This course considers a selection of stories told by immigrants to both the U.K. and the U.S. as we find them portrayed in various literary texts (short stories, poems, novels).
The authors to be included in this excursion into the “Literature of migration” come from diverse places (India, Pakistan, Sri Lanka…); their stories and poems – situated both in those countries and cultures that they now call their home and in those that they left behind – span around many different topics and (immigrant) experiences.
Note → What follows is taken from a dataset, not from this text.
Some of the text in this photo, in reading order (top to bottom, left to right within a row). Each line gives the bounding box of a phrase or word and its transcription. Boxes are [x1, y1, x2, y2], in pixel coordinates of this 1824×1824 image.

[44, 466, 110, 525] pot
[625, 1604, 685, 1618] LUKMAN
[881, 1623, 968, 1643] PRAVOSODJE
And yet they all have something in common: they have chosen to write in the language of the country they have migrated to, i.e. in English.
In their short stories, novels and poems, authors such as Hanif Kureishi, Jhumpa Lahiri or Michael Ondaatje give immigrants a voice. As students of the English language and culture we should be aware of these voices. In this course we will therefore take a closer look at selected examples and discuss some of the key questions raised in this particular field of literature.
(All texts will be distributed in class. They are taken from, for example, Jhumpa Lahiri’s the interpreter of maladies and unaccustomed earth; Hanif Kureishi, Salman Rushdie and Muriel Spark’s stories collected in Caught between Cultures: Colonial and Postcolonial Short Stories (Klett); Michael Ondaatje’s The Cinnamon Peeler and In the Skin of a Lion and Khaled Hosseini’s The Kite Runner)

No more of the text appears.